I am proud to be a part of the inaugural cohort of the Masters of Religion and Public Life program at Harvard Divinity School. The program consists of 12 students who come from different areas of the public sector—journalism, music, education, the arts, law, and so forth. Each of us was tasked with identifying the role that religion plays in our respective fields. For some of us, like the lawyers in my cohort who were seeking to reframe “religious freedom” in the service of trans liberation, this role was immediately apparent. For others, like me, it was a bit harder to identify. I thought I came here to better understand the destructive role that religion plays in the world, so I could fight against it. I didn’t anticipate that, in exploring that work, I’d also come to appreciate the role that faith plays in brokering peace and forging coalitions in a world that’s more divided than ever.
To be clear, I am not seeking to be an apologist for religion. It is important—especially right now—to identify how religion is a part of the problems we are facing. But I also now understand that, by placing the blame solely on religion, we are letting many other factors and nefarious actors off the hook. Religion is just one category of power that is animating our world. In the fight for reproductive justice, for example, religion is accompanied by capitalism (a system reinforced by the traditional family unit and household), sexism (the belief that women’s bodily autonomy should not be determined by women themselves), and the state (which benefits from the criminalization or control over our bodies). These powerful forces all intersect to serve a white supremacist interest: they reinforce the belief that a small group of white people in power should dictate how others live their lives.

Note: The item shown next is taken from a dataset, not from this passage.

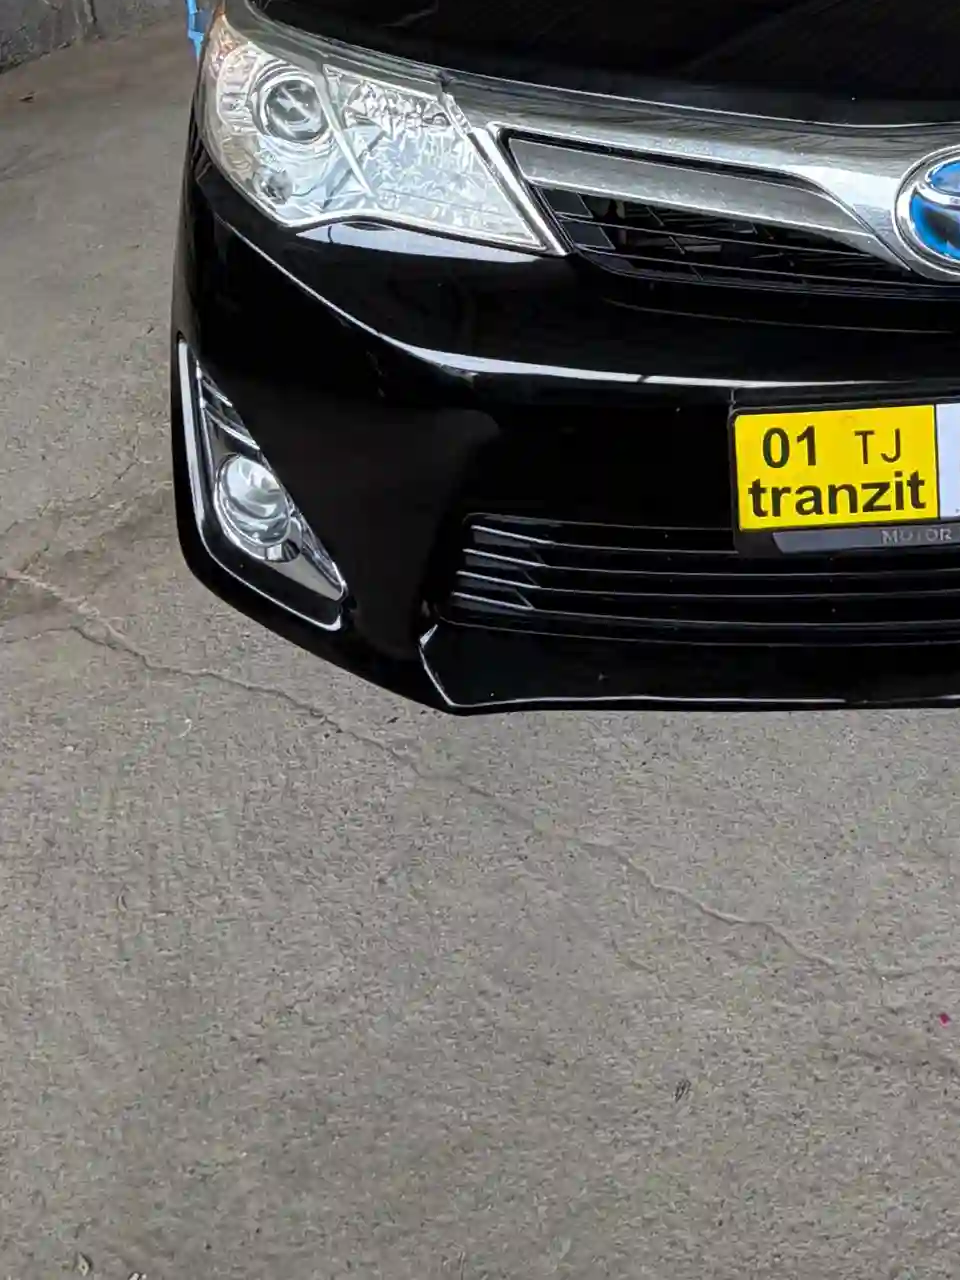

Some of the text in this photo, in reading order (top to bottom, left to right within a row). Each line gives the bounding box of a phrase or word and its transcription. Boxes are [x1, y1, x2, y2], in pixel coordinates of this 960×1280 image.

[761, 425, 902, 469] 01 TJ
[748, 470, 927, 518] tranzit
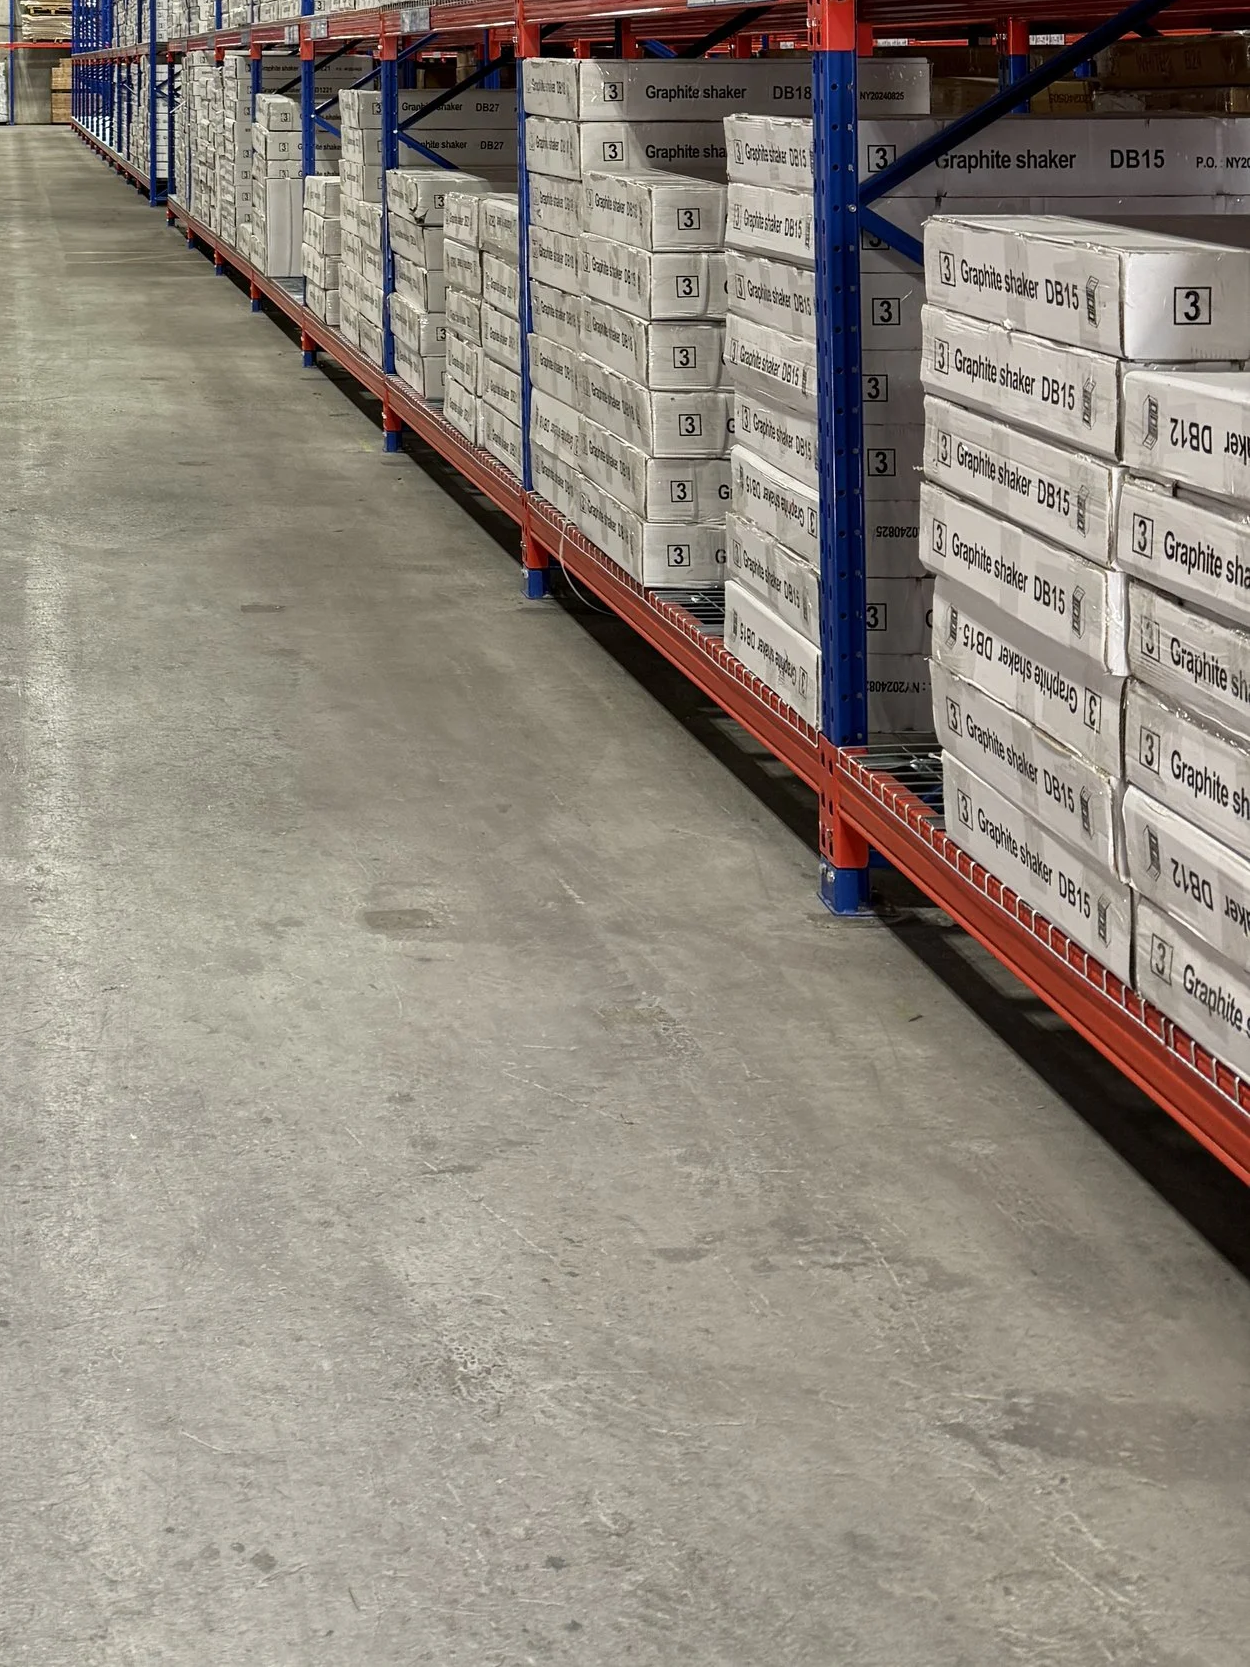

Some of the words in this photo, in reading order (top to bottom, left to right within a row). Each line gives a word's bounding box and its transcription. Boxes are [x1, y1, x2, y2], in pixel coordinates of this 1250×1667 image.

Some of us are tempted to point the finger at religion right now because the religious right has been so effective with their activism, mobilization, and fundraising. This erases a very crucial point about the fight for reproductive justice in America, one illustrated by Kate Hoeting in this newsletter just last week: The religious right’s adoption of an anti-abortion stance was not borne out of a need to preserve the “sanctity of life.” It was a political tactic adopted by a small group of evangelicals and fed to their worshippers as a response to the end of segregation in schools. Once their churches started losing their coveted tax status due to their refusal to integrate their affiliated schools, the leaders of the religious right needed a more palatable strategy than plain old white supremacy to get their way in America. They found their strategy in rallying their base against abortion—despite the fact that the Southern Baptists had previously supported abortion access in America.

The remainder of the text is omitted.